Oblimersen sodium improved the efficacy of systemic chemotherapy in patients with advanced melanoma.

The survival rate of patients with advanced melanoma has not improved in more than 30 years. Drug-resistant melanoma is common and has been partially attributed to overexpression of Bcl-2, an antiapoptotic protein localized to the mitochondria. Previous small studies suggested that pharmacologic reduction or targeted inactivation of Bcl-2 can amplify anticancer responses to chemotherapy. Oblimersen sodium is an 18-base antisense oligonucleotide that has been shown to downregulate Bcl-2 expression and increase chemotherapy-induced apoptosis in human cancer xenografts. The antisense pharmacologic strategy decreases expression of specific proteins by blocking their translation from mRNA.

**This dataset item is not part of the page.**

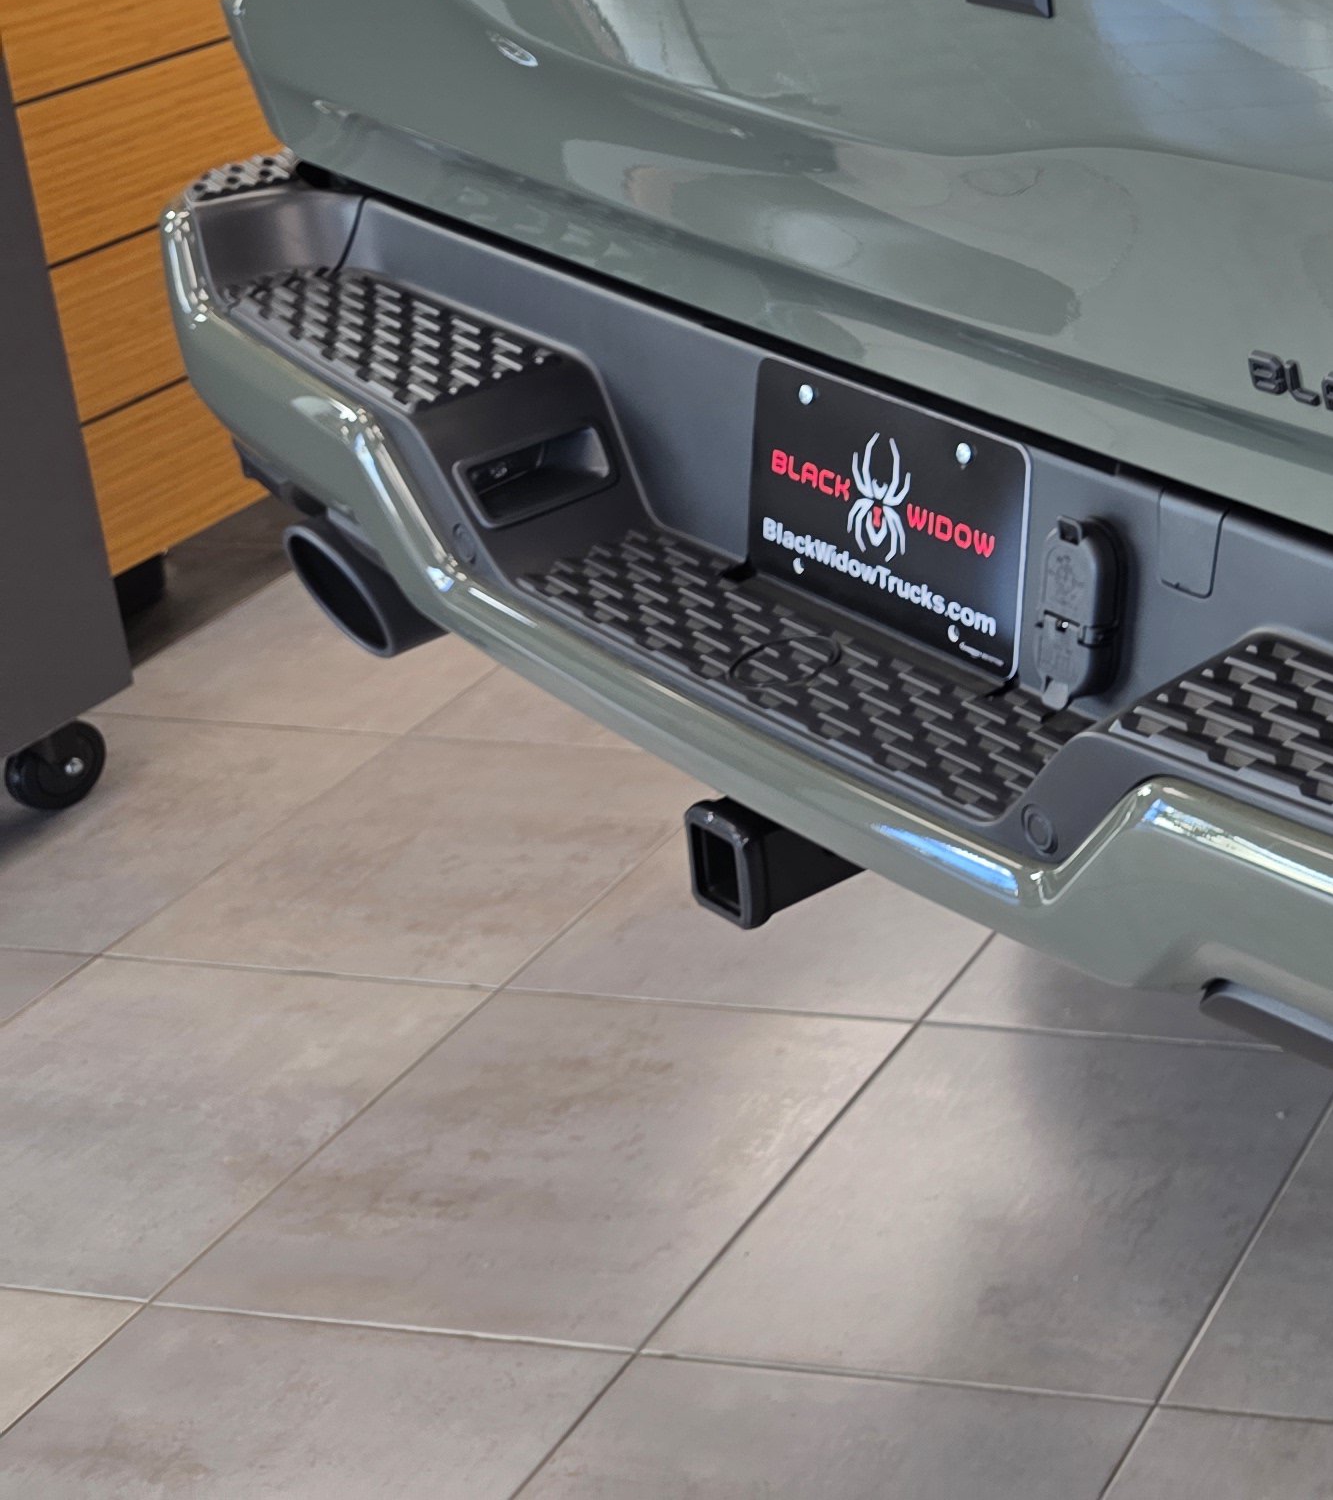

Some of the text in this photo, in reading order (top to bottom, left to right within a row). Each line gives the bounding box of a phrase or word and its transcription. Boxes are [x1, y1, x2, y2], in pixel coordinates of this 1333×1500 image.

To evaluate whether oblimersen sodium improved the efficacy of systemic chemotherapy for advanced melanoma, researchers randomized 771 patients to receive either oblimersen-dacarbazine or dacarbazine alone. After at least 24 months of follow-up, median survival in the oblimersen-dacarbazine group was 9.0 months, compared with 7.8 months in the dacarbazine-alone group (hazard ratio, 0.87; 95% confidence interval, 0.75–1.01; P=0.077). The overall response rate (complete plus partial responses) was 13.5% for oblimersen-dacarbazine recipients and 7.5% for dacarbazine-only recipients (P=0.007). The addition of oblimersen significantly increased survival in patients whose baseline serum lactate dehydrogenase (LDH) levels were not elevated. However, among patients with elevated LDH, no significant between-group differences were found, which suggests that baseline LDH value should be used to identify the patients most likely to benefit from oblimersen. Oblimersen increased the incidence of neutropenia and thrombocytopenia, but the incidences of severe neutropenia (21%) and thrombocytopenia (16%) were substantially lower than the incidences associated with other therapies for advanced melanoma.

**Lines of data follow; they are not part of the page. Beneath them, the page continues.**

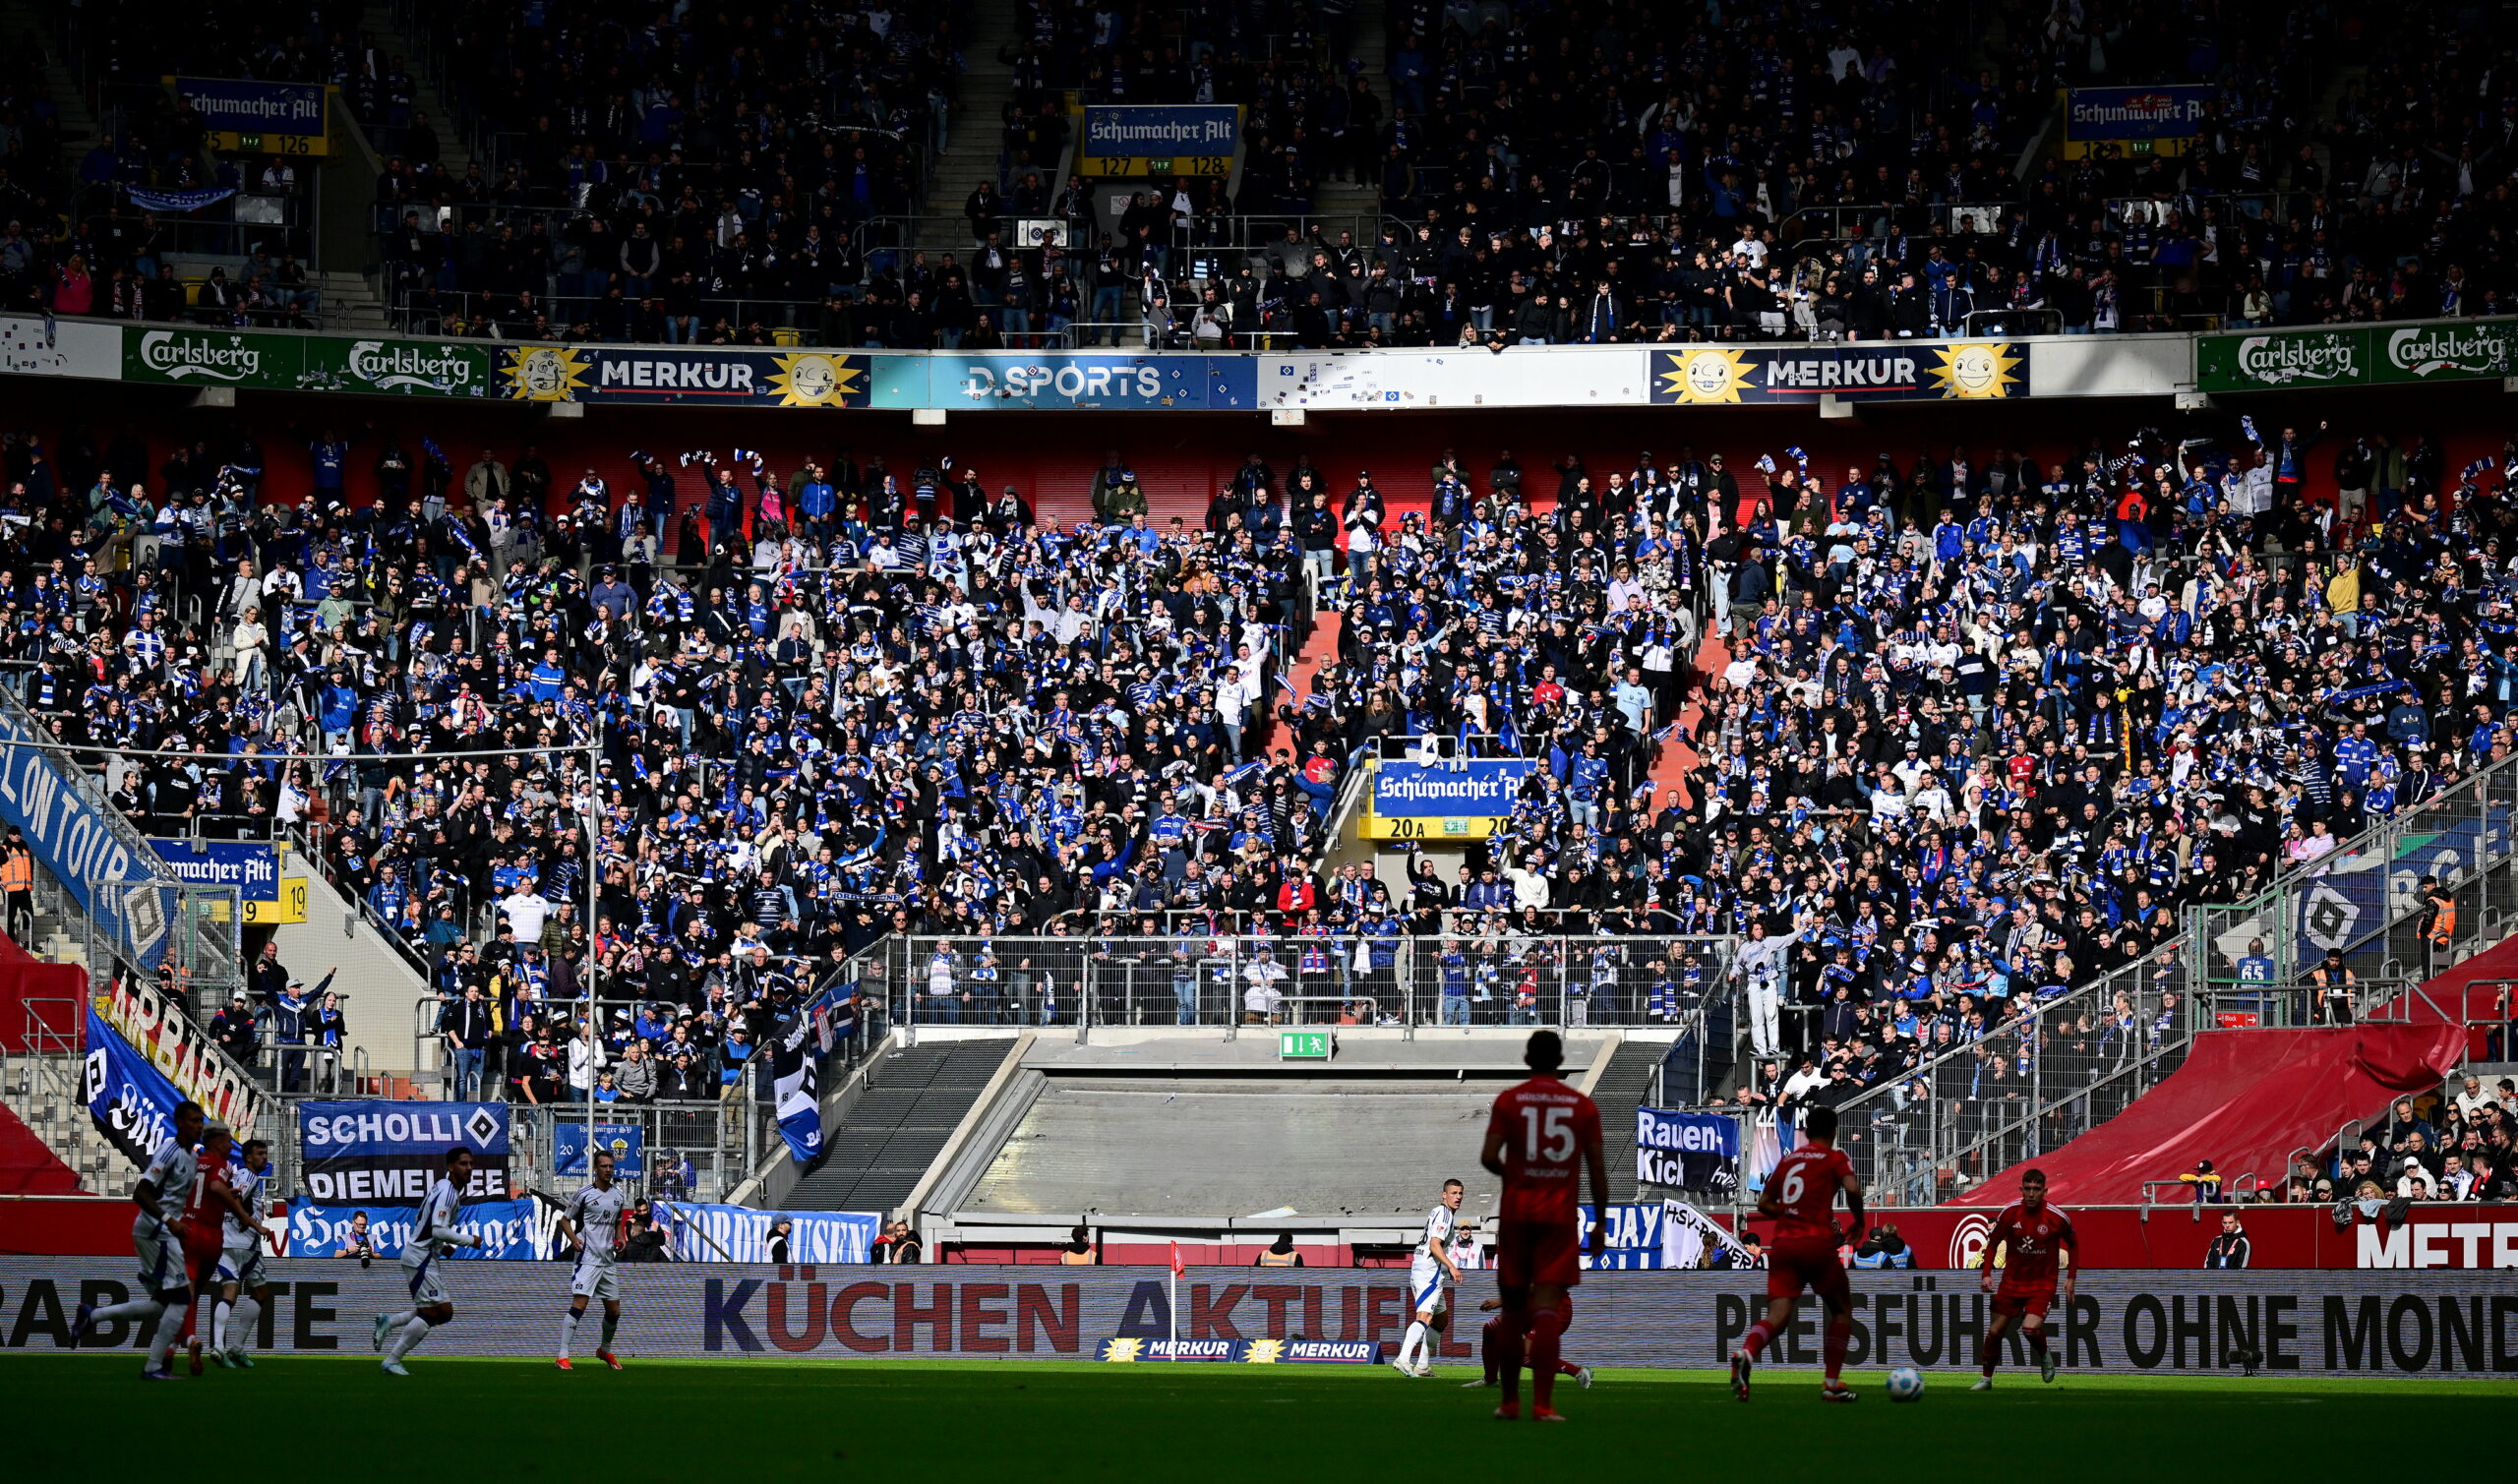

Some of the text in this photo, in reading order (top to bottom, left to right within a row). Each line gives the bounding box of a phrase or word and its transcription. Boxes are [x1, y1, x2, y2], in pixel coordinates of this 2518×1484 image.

[292, 98, 318, 120] Alt
[278, 136, 309, 154] 126
[1092, 120, 1231, 144] Schumacher Alt
[1101, 157, 1131, 175] 127
[1191, 157, 1221, 175] 128
[141, 330, 260, 378] Carlsberg
[349, 341, 470, 386] Carlsberg
[2238, 335, 2352, 383] Carlsberg
[2388, 327, 2503, 377] Carlsberg
[601, 360, 753, 389] MERKUR
[1768, 357, 1916, 387] MERKUR
[1380, 776, 1499, 801] Schumacher
[22, 755, 58, 843] ON
[52, 790, 129, 917] TOUR
[1390, 818, 1425, 838] 20 A
[244, 858, 273, 884] Alt
[290, 885, 306, 917] 19
[307, 1112, 462, 1146] SCHOLLI
[578, 1125, 617, 1135] Haburger
[1520, 1105, 1576, 1163] 15
[1638, 1112, 1723, 1152] Rauen-
[1755, 1106, 1778, 1140] 44
[559, 1144, 573, 1157] 20
[308, 1168, 506, 1201] DIEMELEE
[1782, 1160, 1807, 1206] 6
[678, 1209, 869, 1264] ORDHUSEN
[702, 1265, 1080, 1353] KÜCHEN
[2123, 1292, 2301, 1370] OHNE
[1148, 1339, 1229, 1356] MERKUR
[1289, 1340, 1371, 1359] MERKUR

Comment: Oblimersen should not be viewed as a home run in melanoma treatment, but it does represent some success for the new strategy of using whole-body antisense chemotherapy against selected proteins (here, Bcl-2). Where traditional combined approaches have not proven beneficial, more-targeted approaches hold promise. For example, this year’s Nobel Prize in Medicine was awarded for another form of "knockdown" technology — RNA interference to selectively reduce the expression of an individual protein in a cell. With a better understanding of the proteins or oncogenes that drive melanoma tumorigenesis, more-refined methodologies for inhibiting or eliminating these proteins might become the next generation of molecular therapeutics.

— Hensin Tsao, MD, PhD

Published in Journal Watch Dermatology December 8, 2006

Citation(s):

Bedikian AY et al. Bcl-2 antisense (oblimersen sodium) plus dacarbazine in patients with advanced melanoma: The Oblimersen Melanoma Study Group. J Clin Oncol 2006 Oct 10; 24:4738-45.